* Work to be completed *
Exact wording is required: give all the records again, minus the pictures.

* Data for processing *
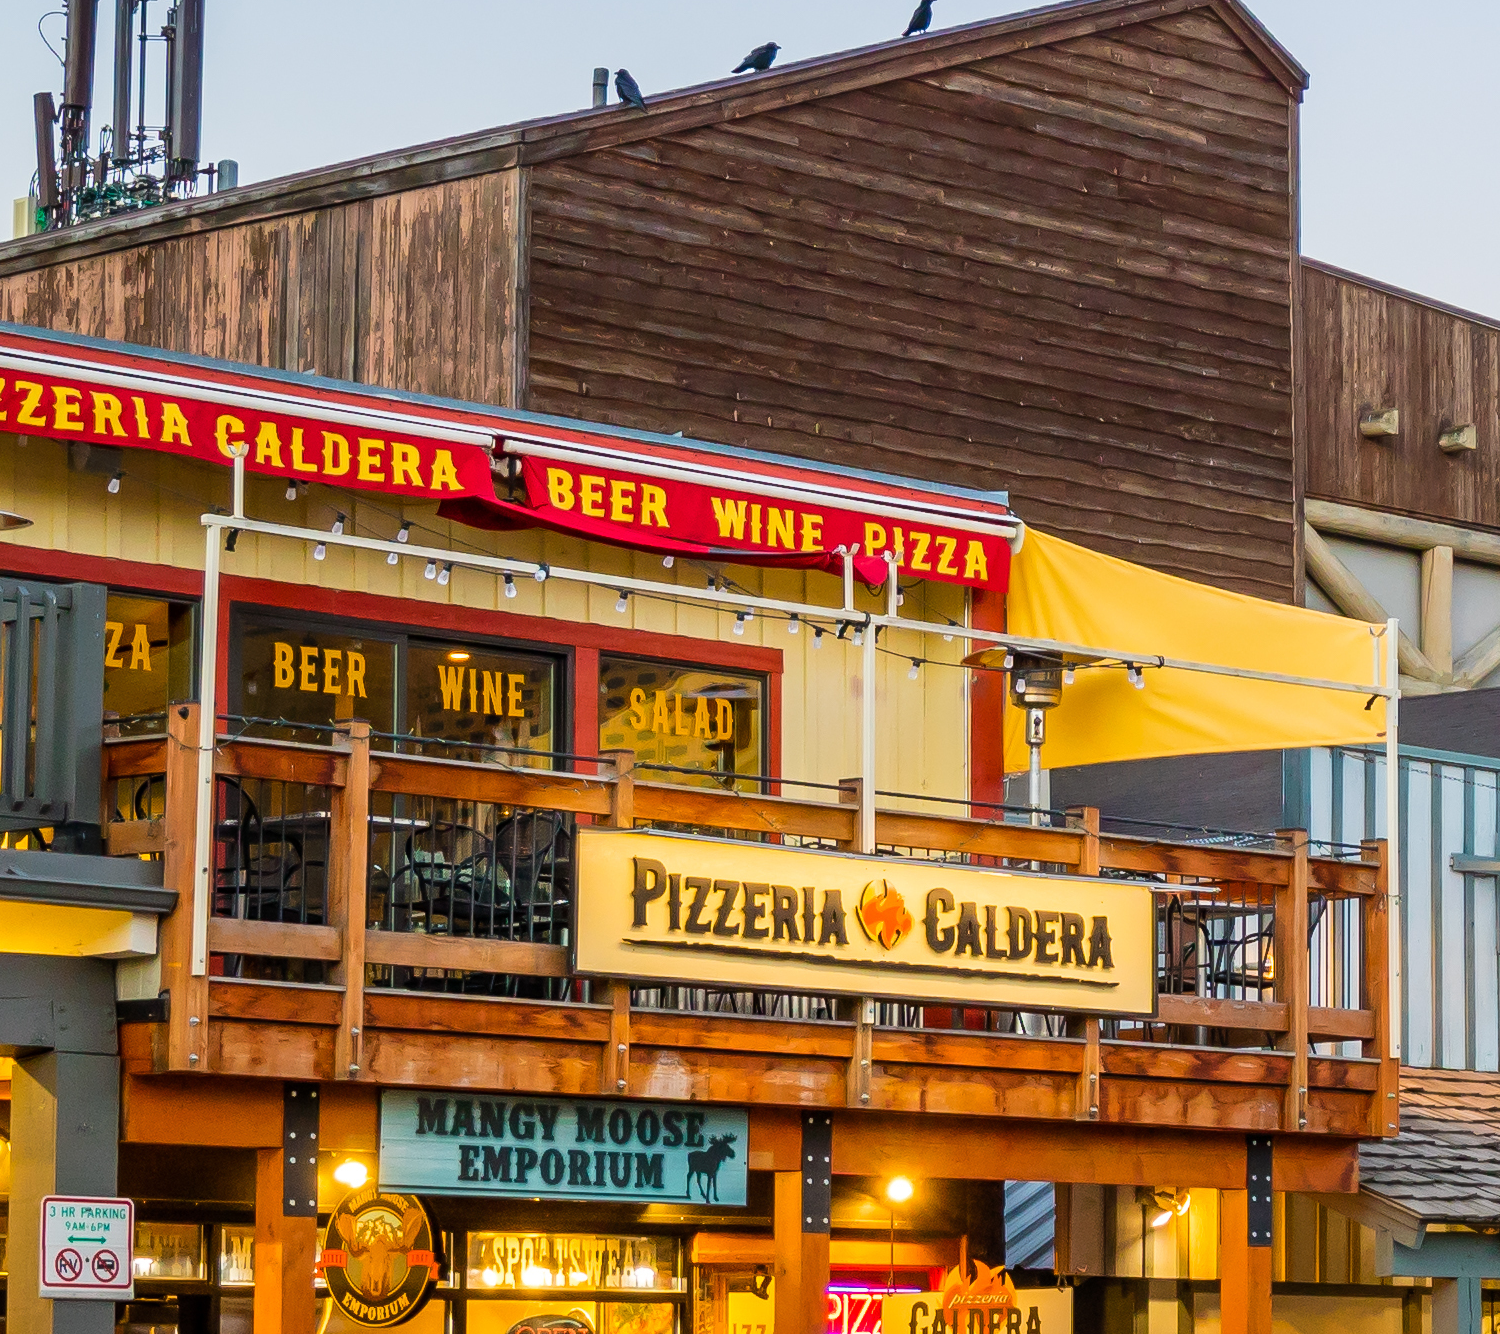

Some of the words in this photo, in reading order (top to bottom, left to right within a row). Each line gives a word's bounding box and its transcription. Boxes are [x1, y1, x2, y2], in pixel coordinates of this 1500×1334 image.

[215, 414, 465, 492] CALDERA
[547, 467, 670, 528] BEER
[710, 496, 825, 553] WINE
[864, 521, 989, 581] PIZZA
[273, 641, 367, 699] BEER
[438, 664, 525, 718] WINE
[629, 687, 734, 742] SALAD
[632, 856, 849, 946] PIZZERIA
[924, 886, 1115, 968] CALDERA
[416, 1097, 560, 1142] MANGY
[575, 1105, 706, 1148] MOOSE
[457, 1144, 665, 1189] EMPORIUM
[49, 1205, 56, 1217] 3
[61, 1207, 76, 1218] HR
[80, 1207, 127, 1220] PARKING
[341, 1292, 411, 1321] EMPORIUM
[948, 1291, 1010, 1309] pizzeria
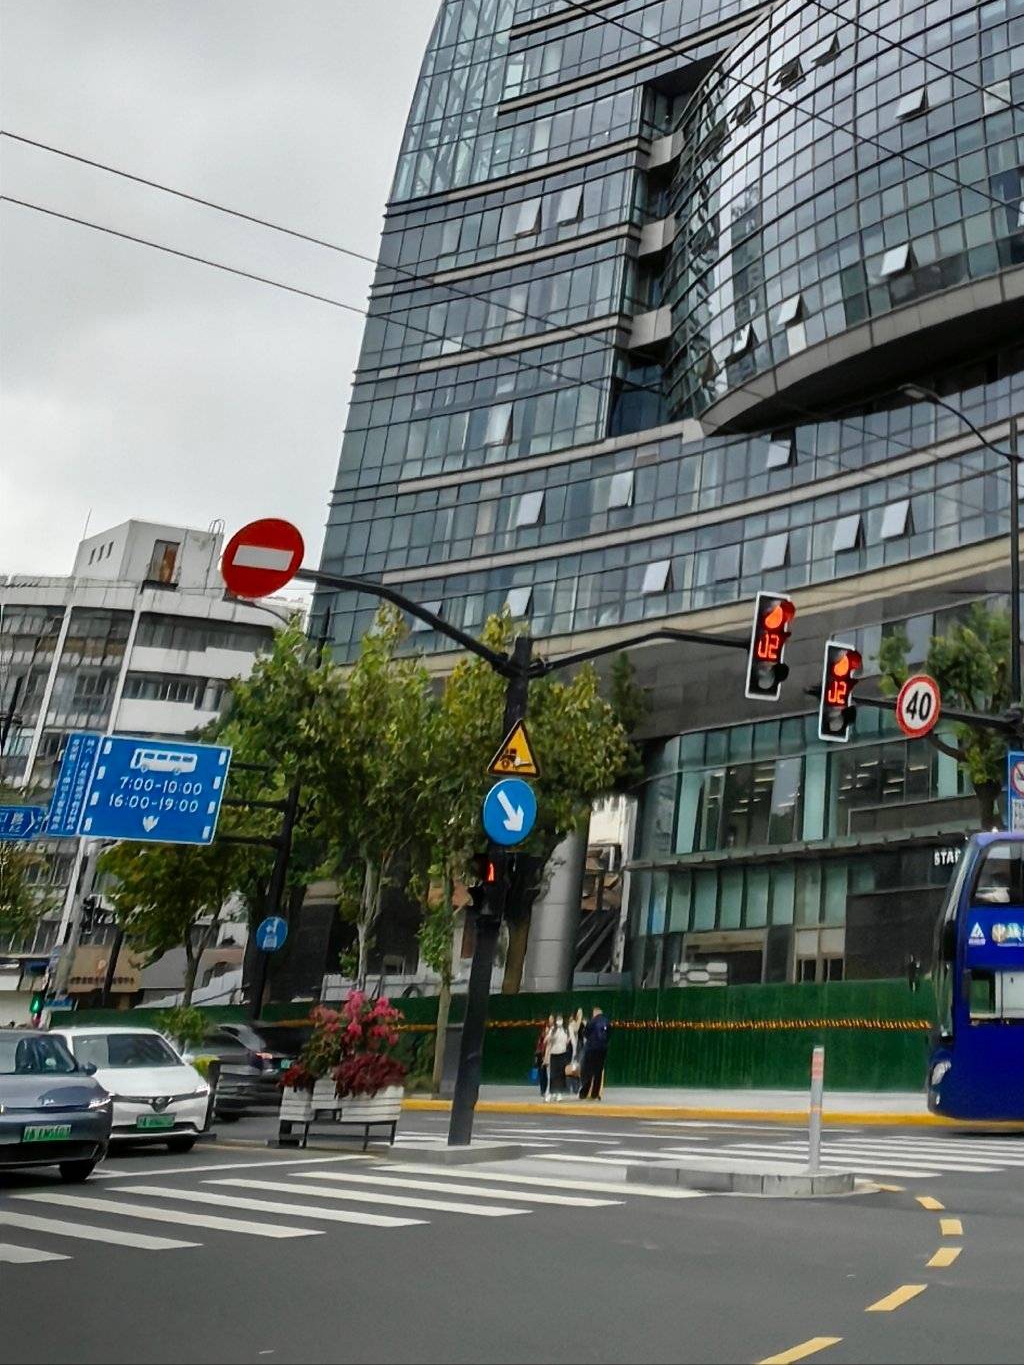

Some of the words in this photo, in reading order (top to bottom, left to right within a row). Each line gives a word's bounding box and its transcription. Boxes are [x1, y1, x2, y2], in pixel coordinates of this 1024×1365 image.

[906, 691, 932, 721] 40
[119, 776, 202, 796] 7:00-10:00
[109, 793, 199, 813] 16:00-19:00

* Answer to the exercise *
Some of the words in this photo, in reading order (top to bottom, left to right within a row). Each line gives a word's bounding box and its transcription. Boxes are [x1, y1, x2, y2], in pixel coordinates of this 1500×1334 image.

[215, 414, 465, 492] CALDERA
[547, 467, 670, 528] BEER
[710, 496, 825, 553] WINE
[864, 521, 989, 581] PIZZA
[273, 641, 367, 699] BEER
[438, 664, 525, 718] WINE
[629, 687, 734, 742] SALAD
[632, 856, 849, 946] PIZZERIA
[924, 886, 1115, 968] CALDERA
[416, 1097, 560, 1142] MANGY
[575, 1105, 706, 1148] MOOSE
[457, 1144, 665, 1189] EMPORIUM
[49, 1205, 56, 1217] 3
[61, 1207, 76, 1218] HR
[80, 1207, 127, 1220] PARKING
[341, 1292, 411, 1321] EMPORIUM
[948, 1291, 1010, 1309] pizzeria

Some of the words in this photo, in reading order (top to bottom, left to right within a row). Each line gives a word's bounding box and its transcription. Boxes are [x1, y1, x2, y2], in pixel coordinates of this 1024×1365 image.

[906, 691, 932, 721] 40
[119, 776, 202, 796] 7:00-10:00
[109, 793, 199, 813] 16:00-19:00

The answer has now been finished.